She flicked off the light and considered canceling the whole thing. She stared at her bed, where her purchases lay strewn across her comforter. Buyer's remorse hit her in her gut. About the same place where David's voice hit her.

She shook her head. “No,” she said out loud. “Today I was…” She searched for the word.

Fabulous.

Say it out loud.

“Fabulous.” She said it resolutely. She slipped into a pair of sandals with a sexy sling-back heel and walked over to the bed to pick up one of her new dresses. “I'm worth every penny.”

Damn straight.

 

“N
O OFFENSE
, K
ATE
, but if this is what breaking up does to you, you should break up with guys more often.” Mallory picked up a piece of tuna with her chopsticks.

“What?” Kate shot her cousin a look.

“The outfit is awesome. And totally not what you usually wear. It's funkier. And I love the hair. The makeup.”

“I bought some new Stila products today. The makeup counter woman had me do this whole smoky-eye thing. I feel like one of those makeup ads—definitely not me.”

“Well, maybe you should make it you, because there isn't a guy in here who's not staring at you.”

Kate rolled her eyes. Mallory was petite and dressed like a rock star in tight black pants and even tighter tops that showed off her graceful collarbone and neck and well-toned arms. Thin without being gaunt, she had enormous brown eyes that had a slightly feline appearance, and black hair she wore in a near buzzcut, with tips of platinum on the ends. Her mother was Korean. Her father was Kate's dad's brother. The resulting genetic mix—Irish-Korean—made Mallory intriguing and exotic with a hint of punk thrown in for good measure. Her eyebrow was pierced and she had five small stud earrings in each ear.

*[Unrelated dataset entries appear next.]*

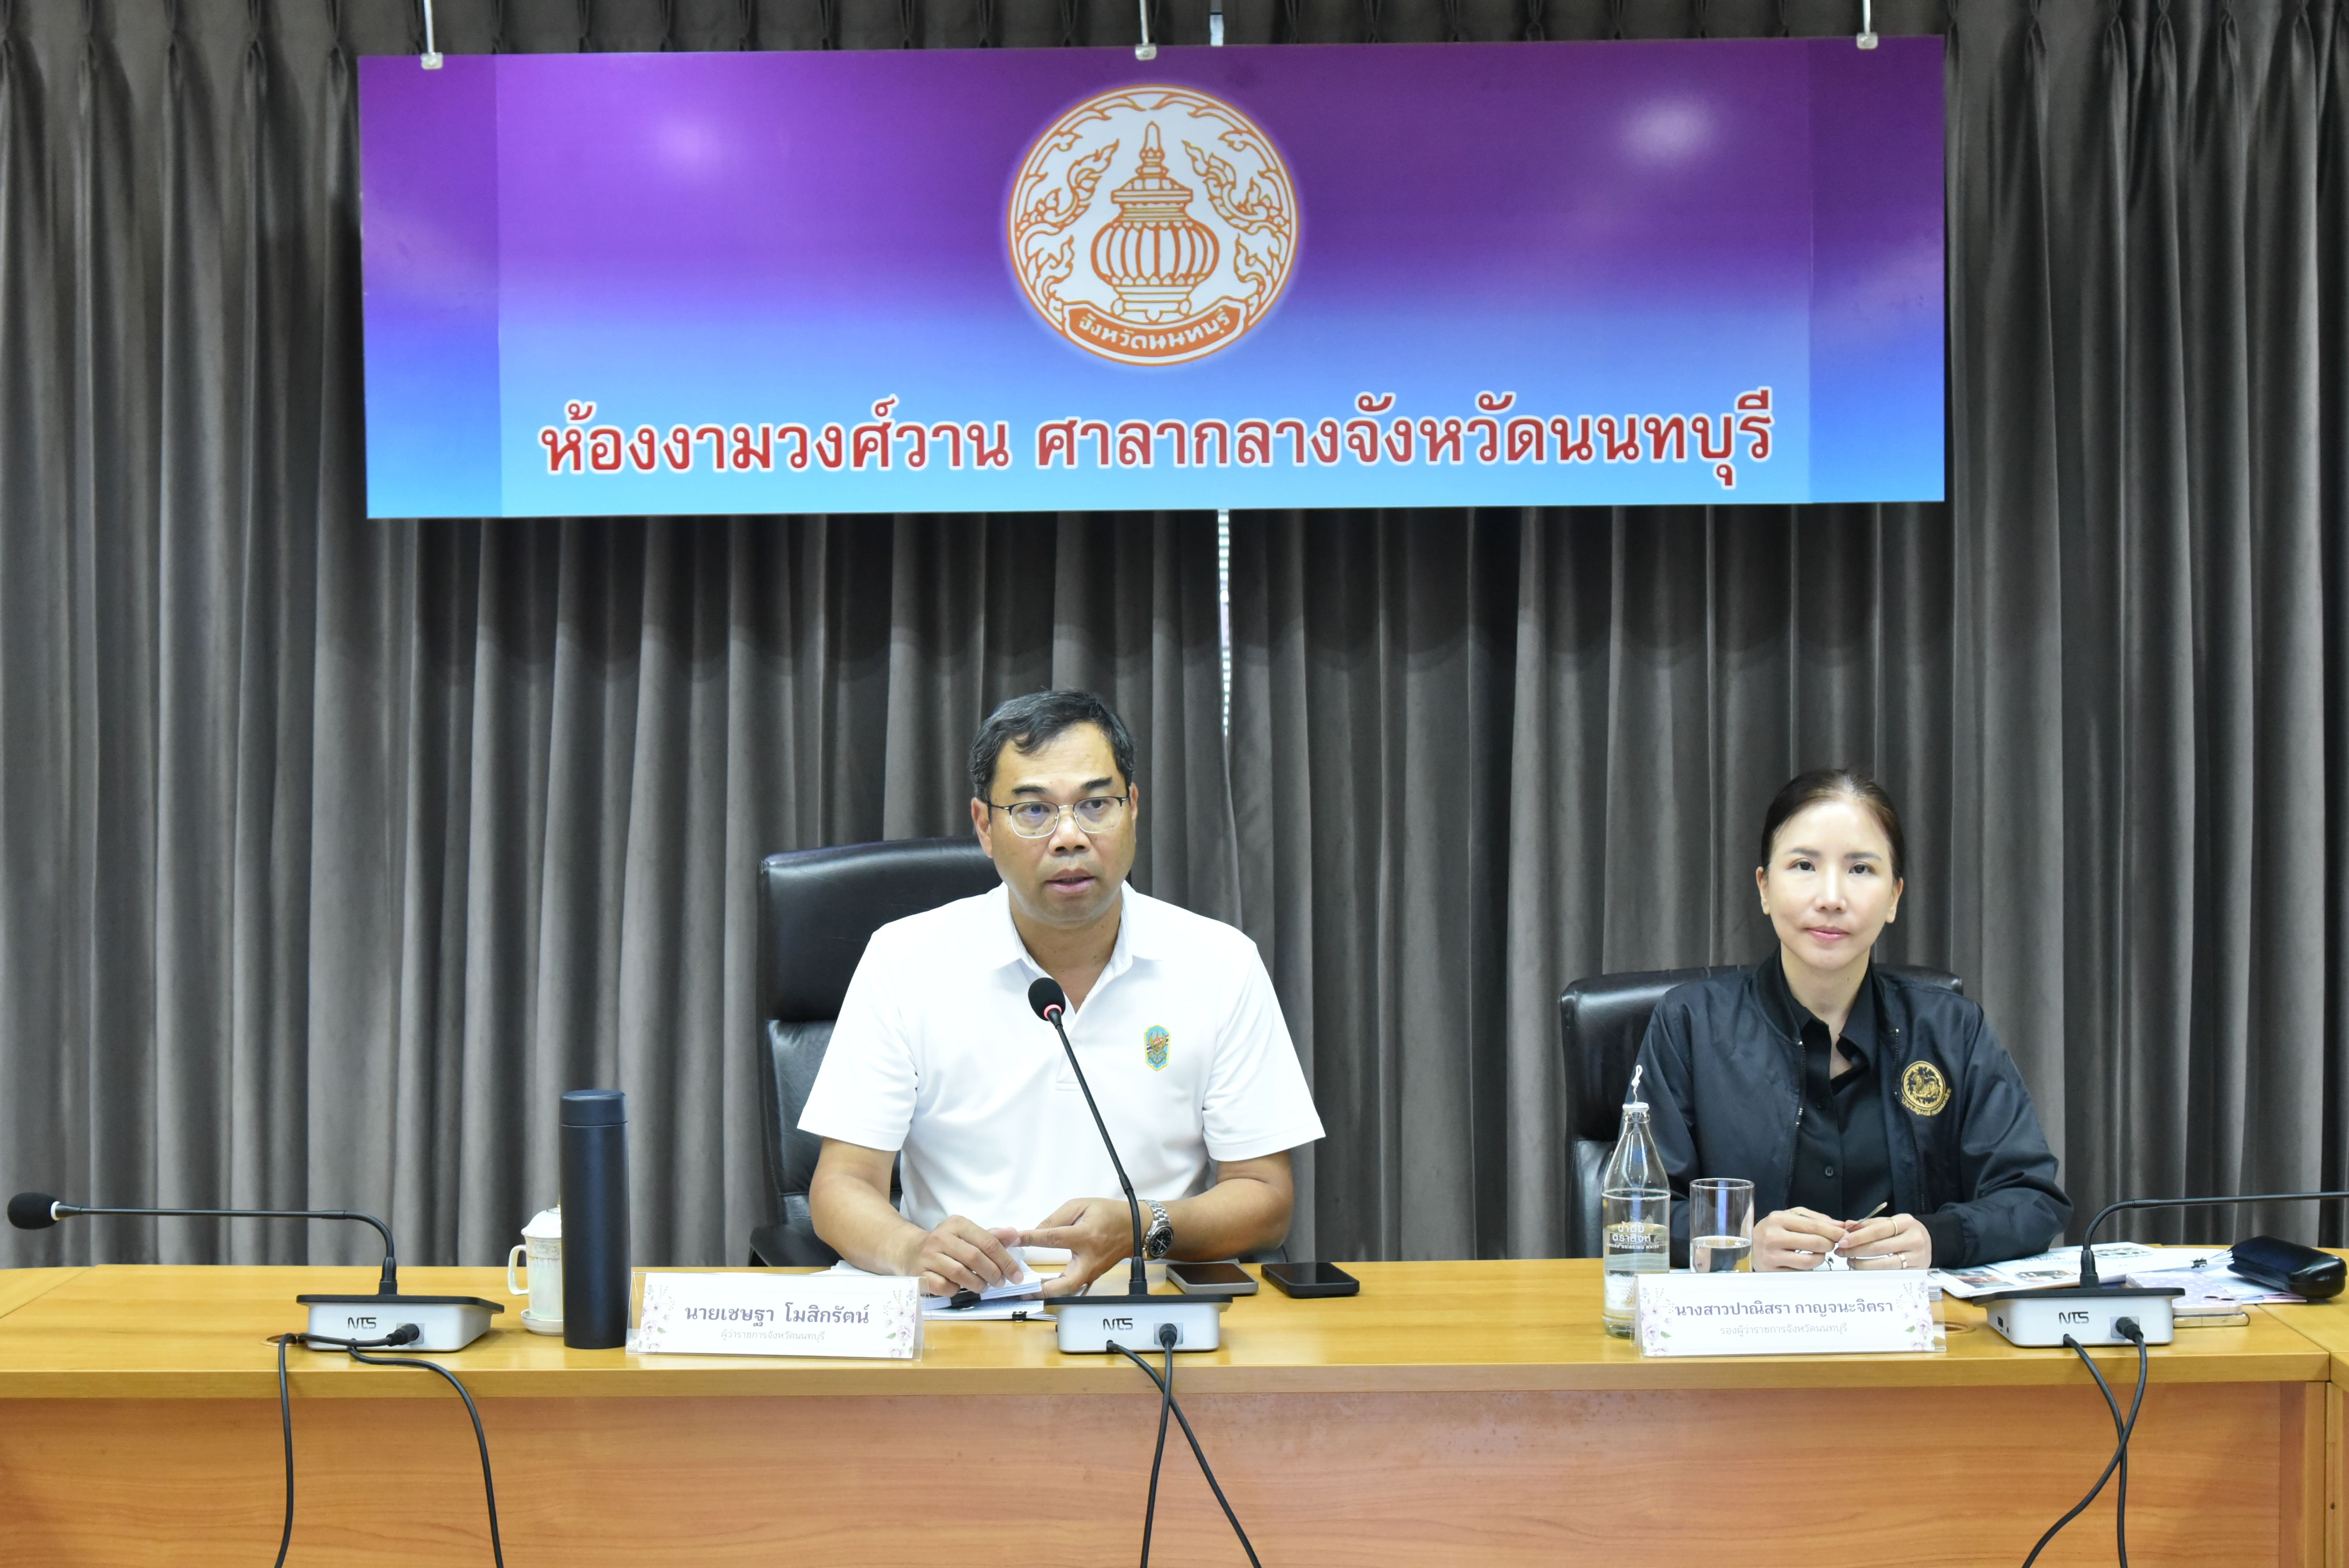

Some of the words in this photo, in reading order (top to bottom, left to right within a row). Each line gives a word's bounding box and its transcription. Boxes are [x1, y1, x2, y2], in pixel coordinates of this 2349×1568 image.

[1078, 307, 1231, 350] จังหวัดนนทบุรี
[540, 398, 1010, 472] ห้องงามวงศ์วาน
[1038, 388, 1772, 486] ศาลากลางจังหวัดนนทบุรี
[685, 1307, 774, 1327] นายเชษฐา
[785, 1302, 870, 1324] โมสิกรัตน์
[1675, 1300, 1790, 1316] นางสาวปาณิสรา
[1795, 1298, 1893, 1317] กาญจนะจิตรา
[348, 1317, 377, 1329] NTS
[1103, 1318, 1133, 1331] NTS
[2058, 1311, 2089, 1324] NTS
[721, 1328, 825, 1343] ผู้ว่าราชการจังหวัดนนทบุรี
[1720, 1322, 1847, 1337] รองผู้ว่าราชการจังหวัดนนทบุรี
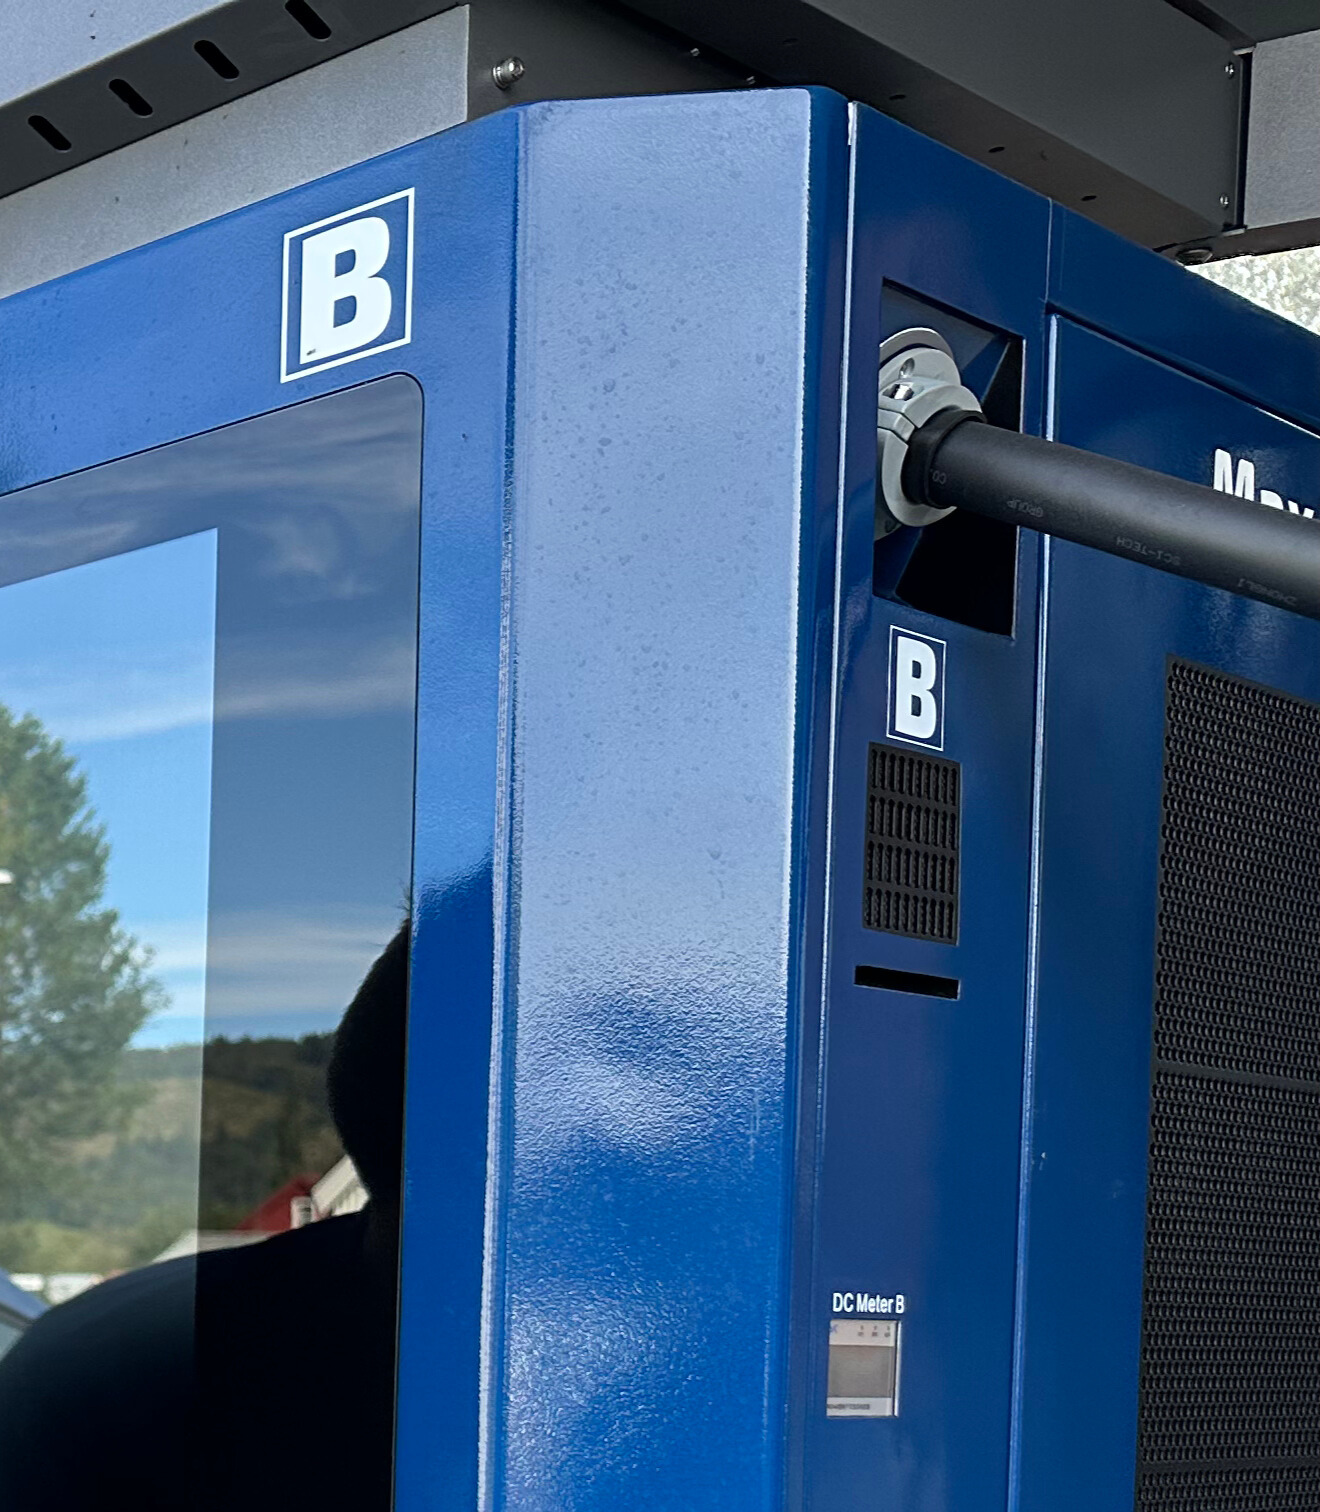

“Mal, I think you're getting plenty of looks.”

“I get the ‘that girl is probably wild in bed' looks. I get the ‘I bet that girl would do a threesome' looks. You're getting ‘that girl is totally hot but maybe out of my league' looks.”

Kate sipped her sake, ignoring her cousin. “He called me.”

“The bastard?”

She tells it like it is, Katie Girl.

“Yes, the bastard.”

He's worse than that. He's a prick.

“And?”

“And he wants to meet for coffee.”

“Why?”

“I suppose to grovel for forgiveness.”

“He wants you back?”

“Something along those lines. He says he still loves me.” Kate swallowed hard at the last three words. She told herself she would not cry.
That voice
told her she would not cry.

“Look, Kate, I'll be the first to admit that infidelity sometimes happens. You know, a business trip, a lonely night, a drunken mistake. Doesn't make it right, but it happens. When I was with James last year, I cheated on him once while I was in Hong Kong. It was a total spur-of-the-moment thing with a hot guy I met in my hotel bar. The guy was from London, an economist, brilliant, funny, sexy. It was one night. But here's the thing, Kate…cheating with someone's best friend, where you are really destroying any chance for trust again, destroying a friendship and your relationship? That's a whole different kind of cheat. He lacks a moral compass, Kate.”

“But what if it was just a mistake? A stupid mistake?”

“No. People don't make those kinds of mistakes. That's like detonating a nuclear bomb in your life. You don't detonate the bomb by accident.”

Listen to her. Listen to her. Listen to me, Katie Girl. Listen to me.

“Well, I told him no.”

“Good. I'll drink to that.” Mallory lifted her saketini. Kate held up her sake cup and clinked Mal's glass.

“But Helen asked me if I would still work with him. On the book.”

“She didn't.”

“She did.”

“Did you tell her you can't?”

“No. I'd be really hurting my career.”

“I don't know, Kate…”

“I have to at least try.” Kate shrugged. “Can I tell you something, Mal?”

“Anything, you know that.”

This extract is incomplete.